The finalists for the 34th annual L.A. Times Book Prizes were announced on Wednesday 19 February.  The full list can be found here but the Mystery /Thriller nominations are as follows –

Hour of the Red God by Richard Crompton (Sarah Crichton Books/Farrar, Straus & Giroux)
The Cuckoo's Calling by Robert Galbraith (Mulholland Books/Little, Brown & Co.)
Sycamore Row by John Grisham (Doubleday Books)
The Rage by Gene Kerrigan (Europa Editions)
The Collini Case by Ferdinand von Schirach, (Viking)

Huge congratulations to (one of my favourite author’s) Italian Crime Writer Andrea Camilleri who was recently awarded the Pepe Carvalho Prize for lifetime work at the BCNegra noir literary festival in Barcelona.  The Pepe Carvalho prize is named after the protagonist of the Spanish writer Manuel Vázquez Montalbán’s detective novels. Camilleri named his protagonist after Montalbán.
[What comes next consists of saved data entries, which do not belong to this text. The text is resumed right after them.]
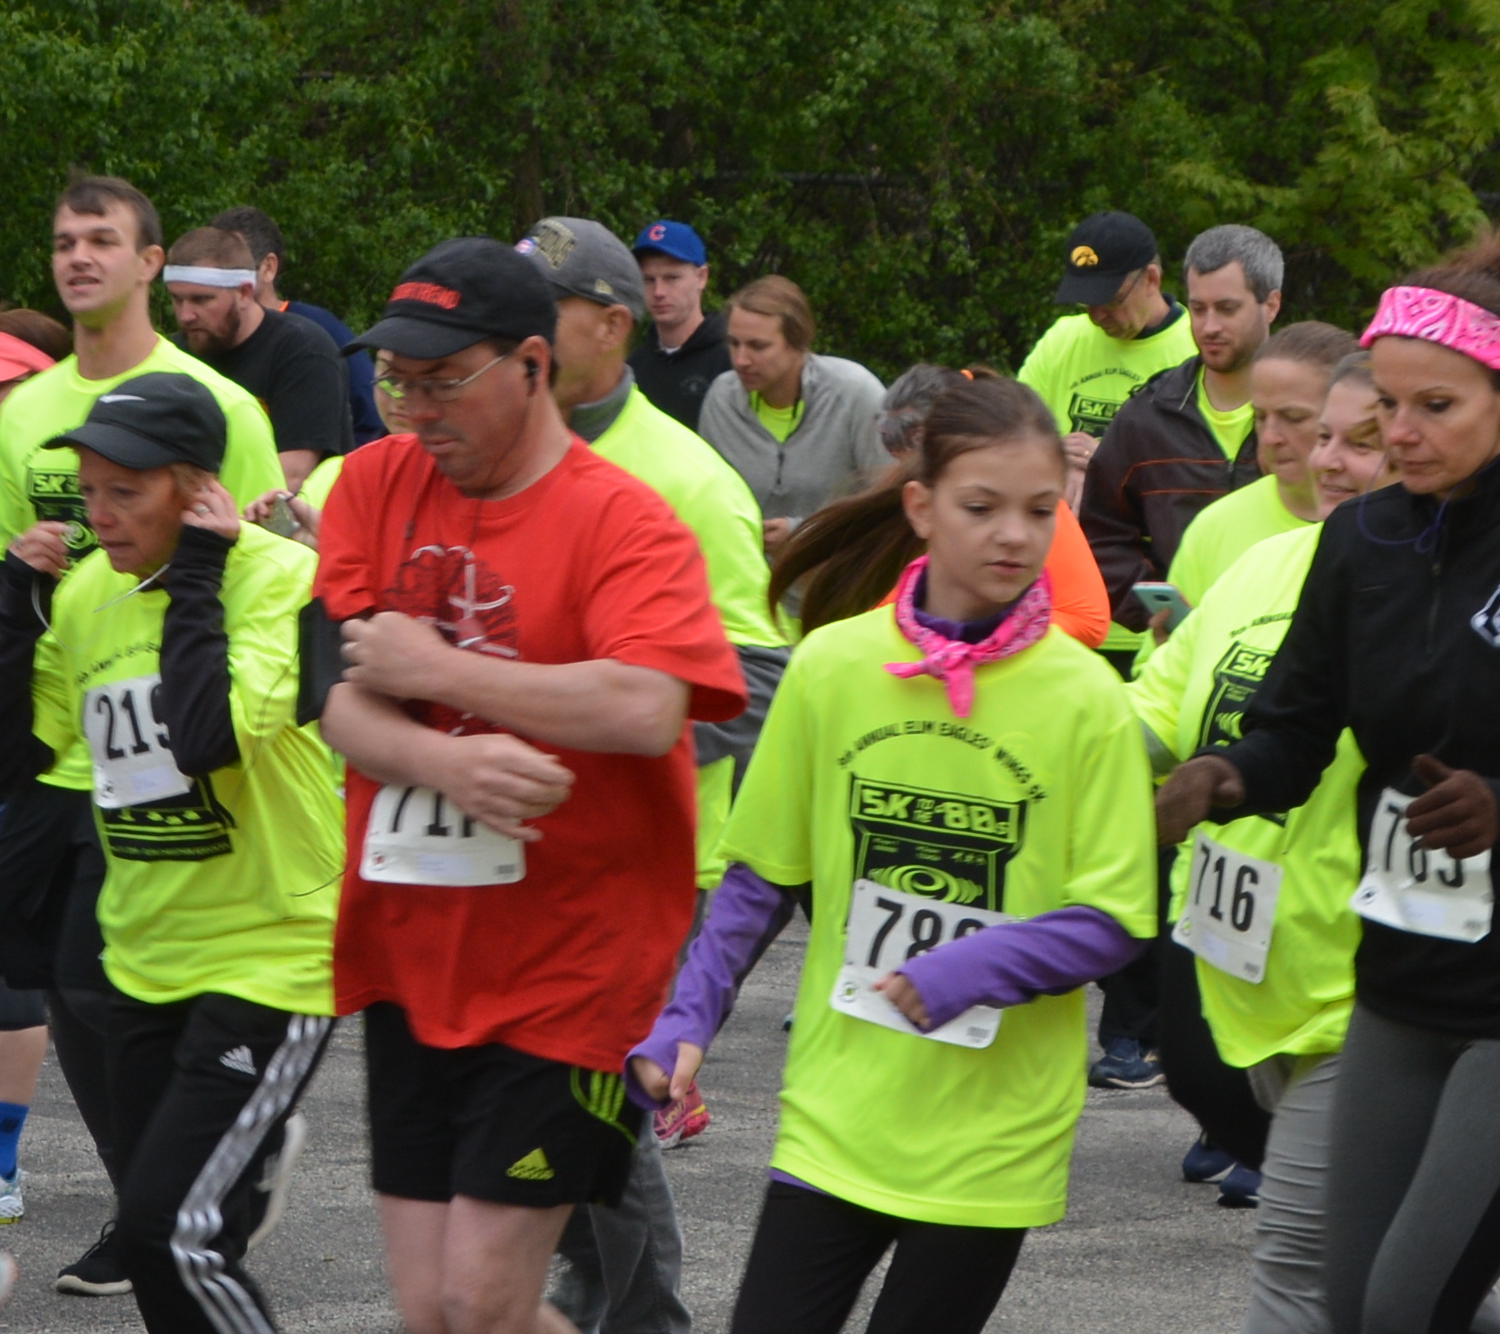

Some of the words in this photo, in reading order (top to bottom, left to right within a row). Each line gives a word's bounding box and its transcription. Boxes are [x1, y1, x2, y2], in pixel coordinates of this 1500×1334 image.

[649, 224, 666, 241] C
[861, 789, 915, 819] 5K
[1195, 843, 1260, 932] 716
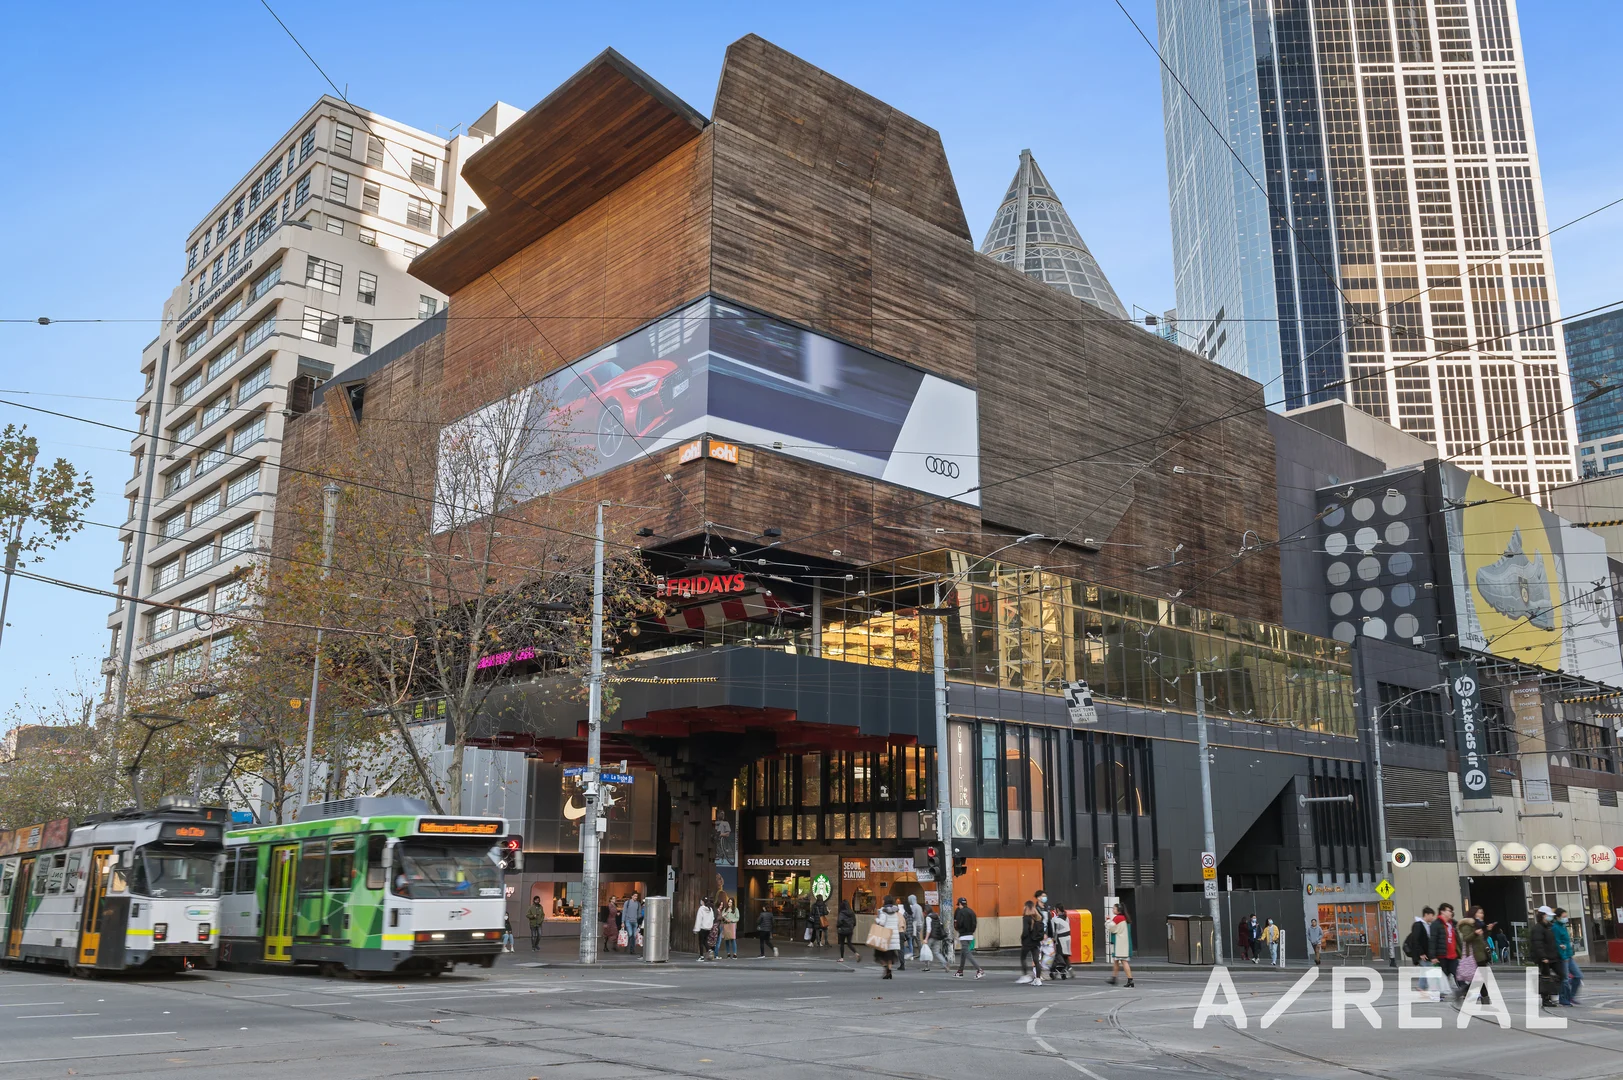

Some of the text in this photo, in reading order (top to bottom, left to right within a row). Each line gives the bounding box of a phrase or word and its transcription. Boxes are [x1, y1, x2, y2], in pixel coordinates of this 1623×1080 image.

[666, 573, 746, 597] FRIDAYS
[1461, 698, 1477, 750] SPORTS
[1468, 775, 1484, 785] JD
[747, 858, 810, 866] STARBUCKS COFFEE
[843, 861, 862, 870] SEOUL
[1204, 857, 1212, 865] 30
[668, 871, 674, 880] 1
[843, 870, 866, 879] STATION
See here for more information from the L.A. Times.

The winner of the £5,000 Telegraph Harvill Secker crime writing competition for an unpublished manuscript is Abir Mukherjee. His novel, A Rising Man, is set in Calcutta in the dying days of the Raj and opens with the brutal murder of a British burra sahib. Mukherjee's submission was picked from a pool of 400 submissions.

Crime Story a new festival for crime fiction lovers, is coming to Newcastle at the University of Northumbria on May 31st. The organizers have added a fun twist: they've commissioned author Ann Cleeves to invent a fictional crime which will then be investigated by various experts including forensic scientists, police detectives and legal eagles.  Authors Louise Welsh, Margaret Murphy (A D Garrett) and Peter Guttridge will also be in attendance.  More information can also be found here.

According to Deadline.Com Dennis Lehane is adapting the Douglas Perry's new biography, Eliot Ness: The Rise And Fall Of An American Hero, for WGN America. The project chronicles the two decades of the famed prohibition agent following his take-down of Al Capone.

Jada Pinkett Smith has also signed up to be the villain in the Batman prequel Gotham.  According to Deadline.com Gotham which has a series commitment is based on DC characters from the Batman universe and explores the origin stories of Commissioner James Gordon (McKenzie) as an idealistic rookie detective in Gotham City, along with Bruce Wayne and the villains who made Gotham City famous. Smith will play Fish Mooney, an imposing, hotheaded and notoriously sadistic gangster boss and nightclub owner with street smarts and almost extra-sensory abilities to read people like an open book who is not one to be crossed.

According to Deadline.Com Debra Messing who is best known in the UK for the comedy Will and Grace is set to star in the NBC pilot The Mysteries of Laura which is  based on the popular Spanish series Los Misterios De Laura, The Mysteries Of Laura follows the life and relationships of Laura Diamond (Messing), a female homicide detective who can handle murderous criminals — but not her hell-raising twin children.

Deadline is also reporting that Rose Rollins is set as one of the leads in TNT's legal drama pilot Guilt By Association, based on the novels by former prosecutor Marcia Clark, while Jamey Sheridan, (Homeland) has been cast in TNT's action-drama pilot Agent X, starring Sharon Stone.

ITV has commissioned an eighth series of Inspector Lewis with Kevin Whately and Laurence Fox reprising their roles as Oxford detectives. This series will find Hathaway (Laurence Fox) has been promoted to Inspector after an extended break from the force, with the retired Lewis (Kevin Whately) drafted back to renew their partnership.